• WHAT YOU ARE ASKED TO DO: Copy the lines below as they are; omit the images they contain.

Dataset entries
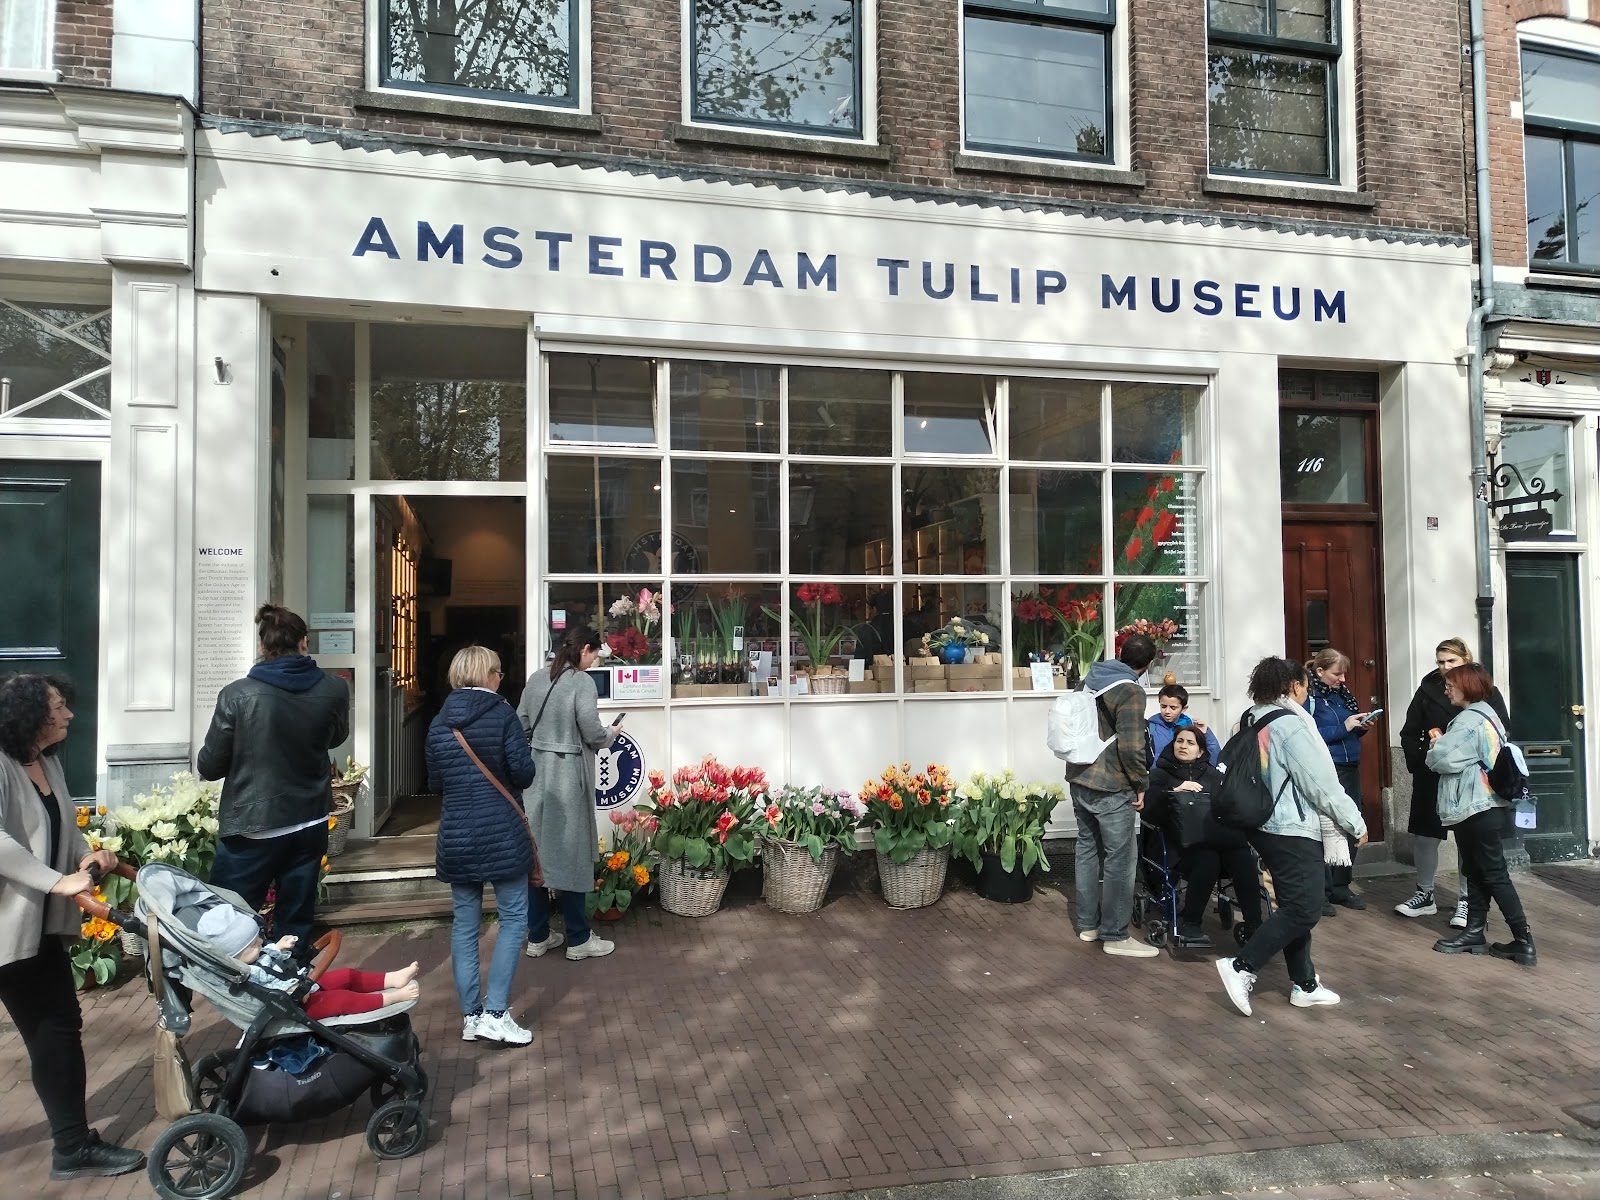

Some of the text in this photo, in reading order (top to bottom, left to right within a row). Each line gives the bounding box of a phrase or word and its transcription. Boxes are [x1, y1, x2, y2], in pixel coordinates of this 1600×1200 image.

[352, 216, 1347, 323] AMSTERDAM TULIP MUSEUM
[1297, 457, 1325, 473] 116
[199, 548, 243, 556] WELCOME
[630, 534, 695, 560] AMSTDAM
[601, 768, 641, 805] MUSEUM

• COMPLETED TASK:
Some of the text in this photo, in reading order (top to bottom, left to right within a row). Each line gives the bounding box of a phrase or word and its transcription. Boxes are [x1, y1, x2, y2], in pixel coordinates of this 1600×1200 image.

[352, 216, 1347, 323] AMSTERDAM TULIP MUSEUM
[1297, 457, 1325, 473] 116
[199, 548, 243, 556] WELCOME
[630, 534, 695, 560] AMSTDAM
[601, 768, 641, 805] MUSEUM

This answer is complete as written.